Video Cards
19 years ago
GAHAHAHAHA!! I ordered a GeForce 6200 PCI video card. The last generation of a dying breed! Hopefully that'll keep my system going for at least another year. And I'll finally taste the sweet, sweet nectar of pixel shading! Oh yes! OH YES!
Some of us have our own jobs and bills to pay. Economic implications haunt our dreams.
The truly irritating part is that my parents try to mooch off me.
or you dont even have agp? nor pciexpress?
Im waiting because of windows vista, and, of course, directx10. :3 yay games! :D
So I used my security deposit refund to buy me a new 7600 GS. It's getting harder to find cards for AGP slots too.
at least noone that can unlock to X850XT.
All I know is that it's super quiet. My dad has an overclocked X800 XL and it's friggin' noisy when a game starts.
I have to hang on with my Geforce 3. >.>
... Or, hell, I could just keep slowly upgrading it until it's a completely new machine.
I use an ATI All-In-Wonder 9800; bought the GeForce when I was frantically trying to get my new motherboard to cooperate with Second Life. I took the GeForce out when I put my old motherboard back in (after tracing the problem to the new motherboard) because the GeForce 6200 had some weird graphical glitches in Oblivion.
It should still let Oblivion run, just be sure to turn off most of the advanced graphical effects.
I don't trust that evil motherboard at all anymore... it's been sitting in its box for months now... MENACINGLY...
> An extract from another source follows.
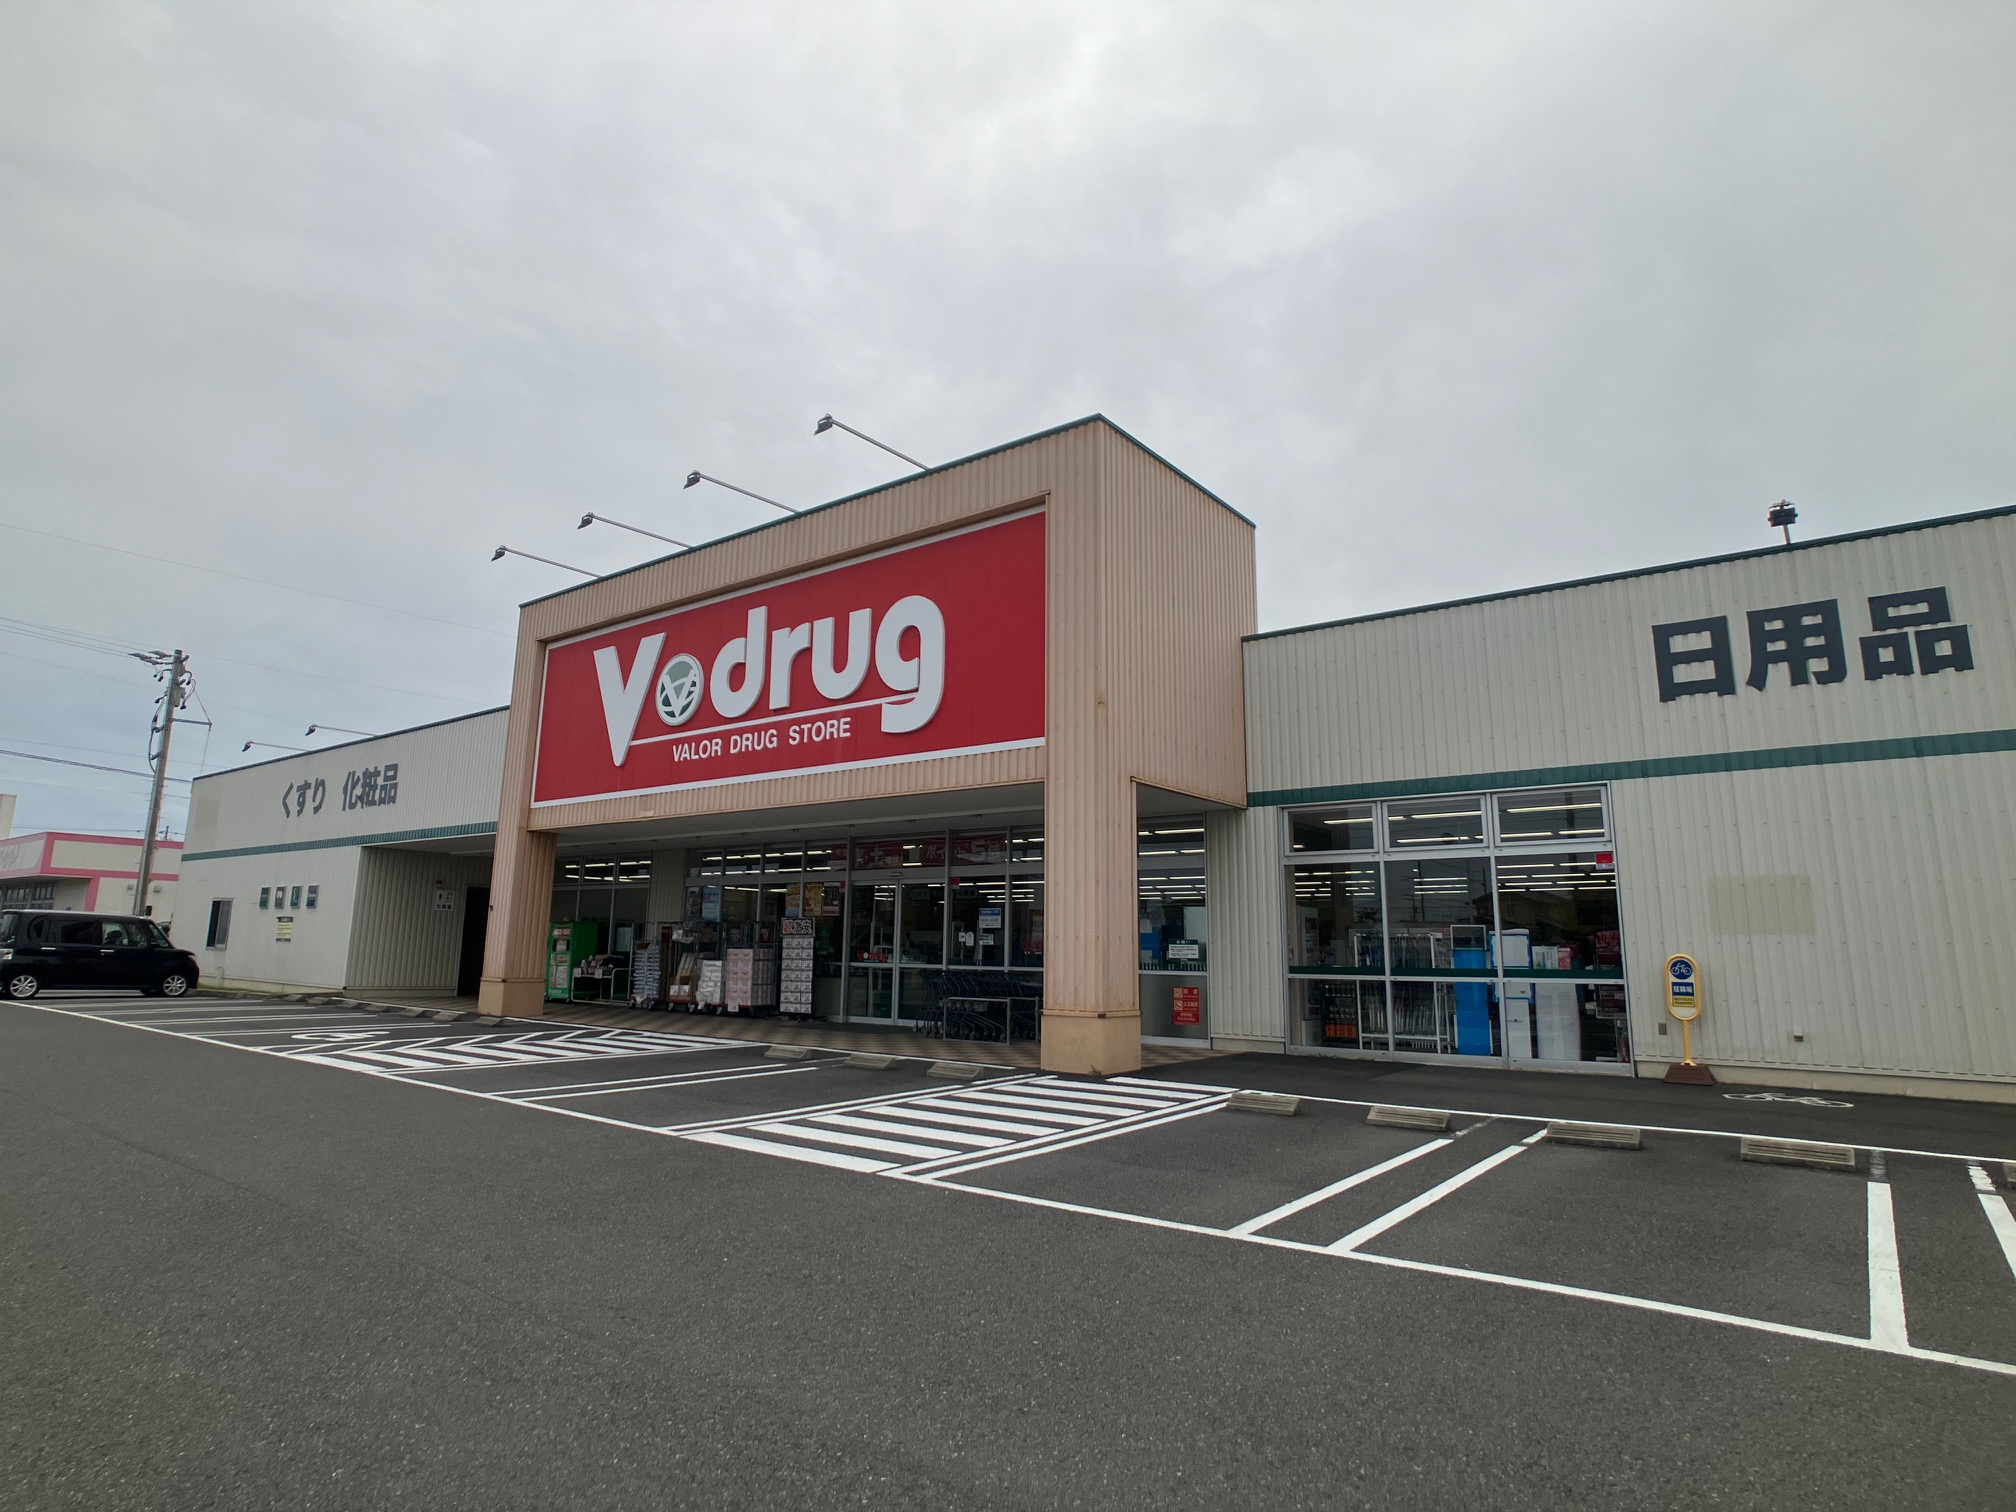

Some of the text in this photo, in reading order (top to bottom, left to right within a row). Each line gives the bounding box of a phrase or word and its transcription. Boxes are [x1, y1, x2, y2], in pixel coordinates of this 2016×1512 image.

[1652, 586, 1974, 702] 日用品
[672, 717, 851, 762] VALOR DRUG STORE
[281, 763, 399, 818] くすり 化粧品
I don't care too much about graphical quality, really. I can live with low detail settings. I just needed something that was, y'know, SUPPORTED.
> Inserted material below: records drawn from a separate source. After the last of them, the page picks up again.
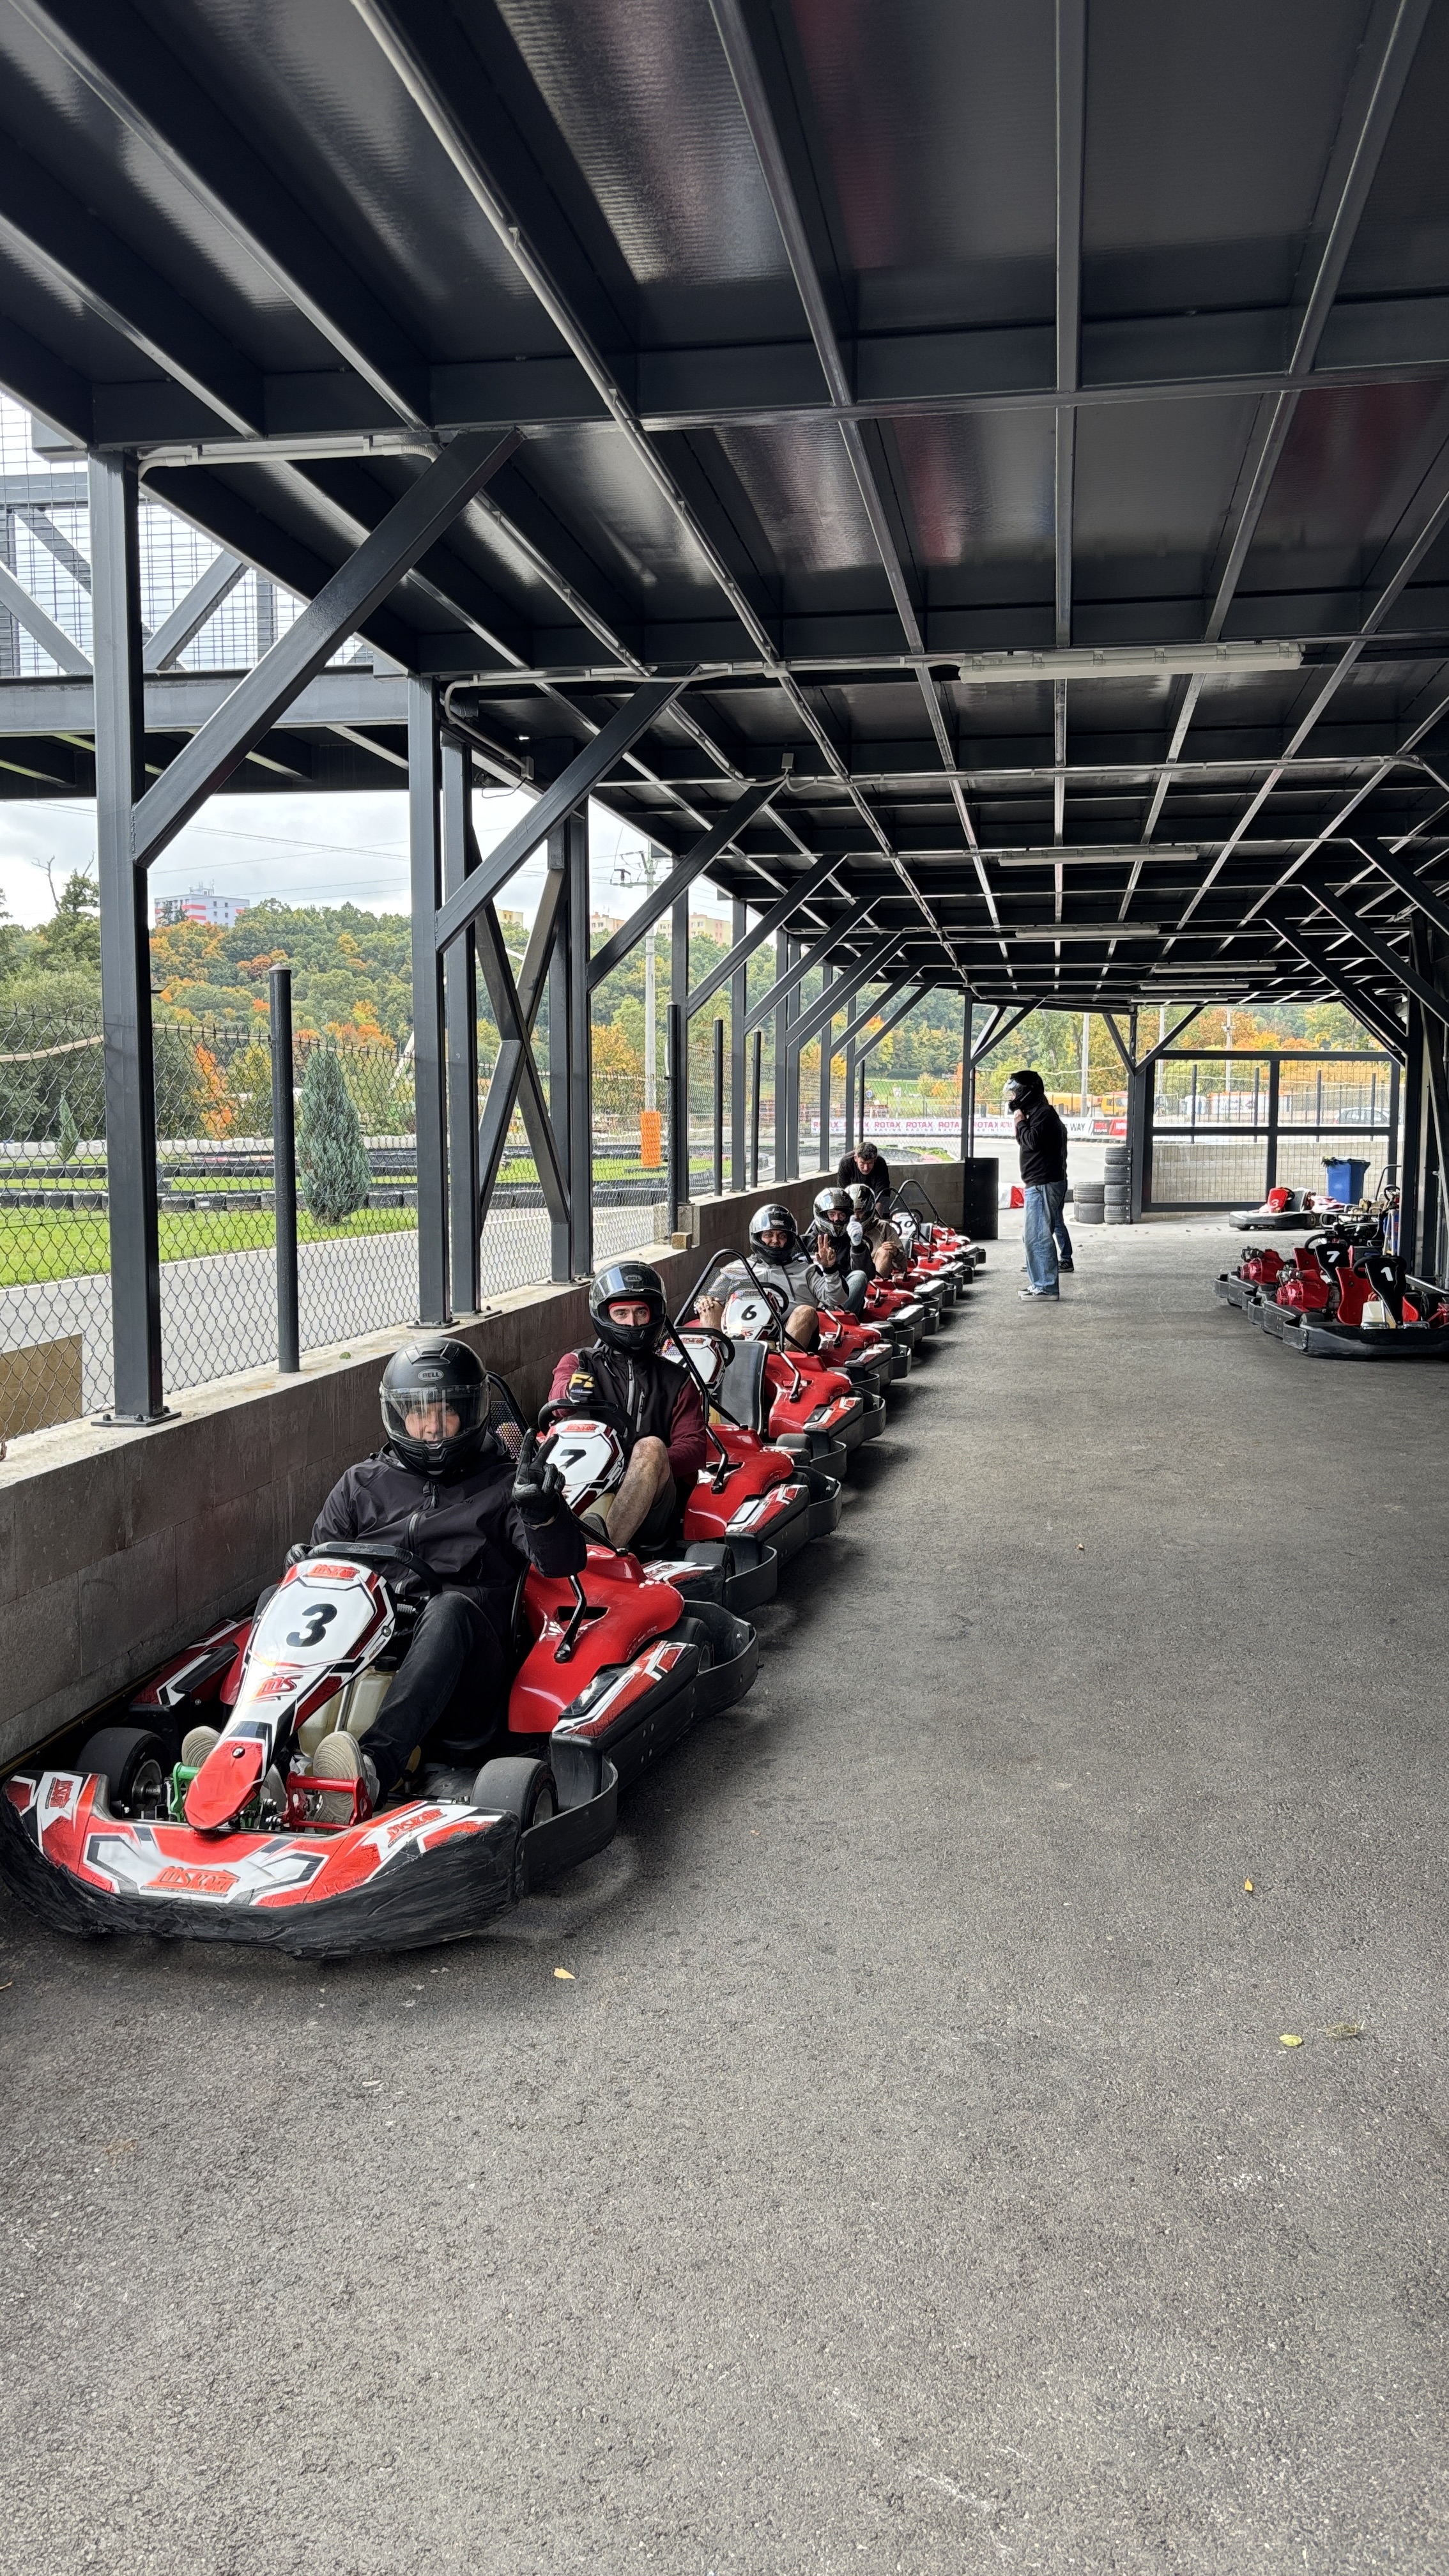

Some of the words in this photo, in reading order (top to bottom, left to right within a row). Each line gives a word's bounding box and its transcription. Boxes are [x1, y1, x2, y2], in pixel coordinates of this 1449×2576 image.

[1070, 1123, 1085, 1132] WAY
[1271, 1199, 1279, 1208] 3
[1326, 1250, 1340, 1262] 7
[1381, 1266, 1393, 1282] 1
[741, 1305, 757, 1321] 6
[559, 1448, 586, 1471] 7
[286, 1603, 337, 1647] 3
I tease because I have painfully learned expensive lessons here. Most all of the consumer grade video cards are not qualified to run commercial 3D applications. You can go to your 3D (commercial) program site of your choice and look at the quallified cards they recommend. Might be one or two ATI cards now, but pretty much Nvidia and some others that you have not heard of. All depends on what you want to do. Actually for 200 bucks you can get a Quadro board. Very very durable. The rest of them, after lets say a week of renedering, they smoke. I believe you are correct for only spending $600 on a computer though. That's really all you need. I just want to sayone more thing for the record . "ATI BLOWS DEAD GOATS IN HELL!!!!"
I hope you get the idea here. Basically when you buy the consumer stuff, you get the chips further and further from the center of the wafer. Eventually you will find some video card on sale and buy it only to have it crap out on you in a couple of months. Yep, you got taken for a ride. Happend to me plenty of times.Of course there is always the issue of software. I won't go into that because I don't know about software. Seriously, I'll inquire to what the games need. I'm curious myself. Regards, AJ
OpenGL is divided into two major components, the framework and the renderer. The framework is standardized and largely CPU/OS agnostic. The renderer (the driver and low-level routines) is very hardware specific. Just because a graphics card uses OpenGL doesn't mean it will run all OpenGL software. Most game engines also demand certain driver features, and if they are missing, the games will just exit, rather than disable those features or use emulation. It's like having two applications that use SIMD instructions, but one uses SIMD directly, and will fail on CPUs that lack the instructions, while the other application uses SIMD through a library, and will simply run slower if those instructions are not available (I'll skip commenting about Apple's over-dependency on architecture-specific SIMD support, and PowerPC's compatibility woes).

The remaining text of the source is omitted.